Let's now move to the juicy part: maps! Every data structure shared between the user space and the eBPF program is called a "map," but there are actually several different types: hashmap, array, queue, and so on. Usually, there are two different variants: simple and per-CPU. With the per-CPU variant, each entry is replicated for all the locally available CPUs; inside the kernel, each CPU will access only its private copy. The per-CPU variant avoids any kind of contention-related issue and it's the preferred one when the eBPF program must modify the data entries on a per-packet basis.

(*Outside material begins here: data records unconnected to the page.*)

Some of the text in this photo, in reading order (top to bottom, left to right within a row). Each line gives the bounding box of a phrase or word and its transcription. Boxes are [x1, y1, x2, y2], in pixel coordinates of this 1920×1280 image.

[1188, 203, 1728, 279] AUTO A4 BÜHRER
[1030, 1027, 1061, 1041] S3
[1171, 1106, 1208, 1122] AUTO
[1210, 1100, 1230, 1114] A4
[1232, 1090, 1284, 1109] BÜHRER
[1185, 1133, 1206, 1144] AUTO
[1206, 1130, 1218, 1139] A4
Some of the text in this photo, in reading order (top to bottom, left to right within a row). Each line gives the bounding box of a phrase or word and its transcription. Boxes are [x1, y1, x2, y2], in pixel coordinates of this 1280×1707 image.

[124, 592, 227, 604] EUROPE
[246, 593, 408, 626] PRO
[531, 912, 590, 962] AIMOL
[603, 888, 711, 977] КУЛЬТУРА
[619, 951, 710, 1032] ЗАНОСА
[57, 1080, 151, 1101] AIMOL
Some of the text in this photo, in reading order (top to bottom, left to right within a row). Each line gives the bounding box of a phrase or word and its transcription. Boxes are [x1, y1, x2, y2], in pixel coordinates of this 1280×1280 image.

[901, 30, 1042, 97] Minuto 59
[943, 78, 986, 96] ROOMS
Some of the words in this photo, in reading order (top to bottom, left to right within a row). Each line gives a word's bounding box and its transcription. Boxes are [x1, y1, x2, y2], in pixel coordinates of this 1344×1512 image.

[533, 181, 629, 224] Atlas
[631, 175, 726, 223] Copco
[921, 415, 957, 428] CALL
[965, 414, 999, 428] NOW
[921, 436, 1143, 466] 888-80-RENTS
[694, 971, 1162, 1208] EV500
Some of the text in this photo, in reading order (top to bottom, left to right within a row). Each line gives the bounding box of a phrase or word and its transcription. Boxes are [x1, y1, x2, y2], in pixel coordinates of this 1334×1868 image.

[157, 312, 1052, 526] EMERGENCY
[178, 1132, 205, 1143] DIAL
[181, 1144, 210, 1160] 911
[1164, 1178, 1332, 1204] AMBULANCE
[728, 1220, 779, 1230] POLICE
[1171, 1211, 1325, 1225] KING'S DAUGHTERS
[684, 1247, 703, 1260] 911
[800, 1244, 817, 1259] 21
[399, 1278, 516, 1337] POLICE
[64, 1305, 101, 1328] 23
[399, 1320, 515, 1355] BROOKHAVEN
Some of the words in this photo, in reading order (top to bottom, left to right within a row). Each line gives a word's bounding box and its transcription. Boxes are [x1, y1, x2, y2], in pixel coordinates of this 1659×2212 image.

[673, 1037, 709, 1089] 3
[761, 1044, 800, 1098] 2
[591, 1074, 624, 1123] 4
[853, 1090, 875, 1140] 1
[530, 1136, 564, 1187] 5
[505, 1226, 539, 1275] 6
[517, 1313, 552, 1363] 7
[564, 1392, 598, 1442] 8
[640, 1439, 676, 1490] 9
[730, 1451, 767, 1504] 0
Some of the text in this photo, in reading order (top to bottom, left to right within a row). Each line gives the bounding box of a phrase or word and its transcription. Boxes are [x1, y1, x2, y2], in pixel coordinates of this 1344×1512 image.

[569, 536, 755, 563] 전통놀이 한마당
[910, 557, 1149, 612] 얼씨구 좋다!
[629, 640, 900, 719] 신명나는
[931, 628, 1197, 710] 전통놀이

The map data will be accessed by both user space and the eBPF program. It's convenient to add the data type definition in a header file included by both sides. In this example, we use a map to specify the source addresses to be filtered and count the number of bytes and packets dropped for each specified address. To add such a map to our program, we need something like this:

    // in xdp_drop_common.h
    struct stats_entry {
        __u64 packets;
        __u64 bytes;
    };

    // in xdp_drop_kern.c
    #include "xdp_drop_common.h"
    // [ ... ]
    /* forwarding map */
    struct bpf_map_def SEC("maps") egress_map = {
        .type = BPF_MAP_TYPE_PERCPU_HASH,
        .key_size = sizeof(__be32),
        .value_size = sizeof(struct stats_entry),
        .max_entries = 100,
    };

    // in xdp_drop_user.c
    struct bpf_map *map;
    int map_fd;
    // [ ... ]
    map = bpf_object__find_map_by_name(obj, "drop_map");
    if (!map)
        error(1, errno, "can't load drop_map");
    map_fd = bpf_map__fd(map);
    if (map_fd < 0)
        error(1, errno, "can't get drop_map fd");

Note that our map is really a per-CPU hash table, and its definition contains only the key and value size, as the kernel needs only such info to do the allocation, perform the lookup, and do the entry update. The map definition contains also the maximum number of entries allowed inside such a map. Hashmaps are initially empty, and inserting the above such limit will fail. Arrays have a fixed size equal to the specified limit. The user space can access the map via a specified file descriptor. Using the libbpf helpers may look a little over-complicated here, but it really helps when the eBPF program exposes multiple maps.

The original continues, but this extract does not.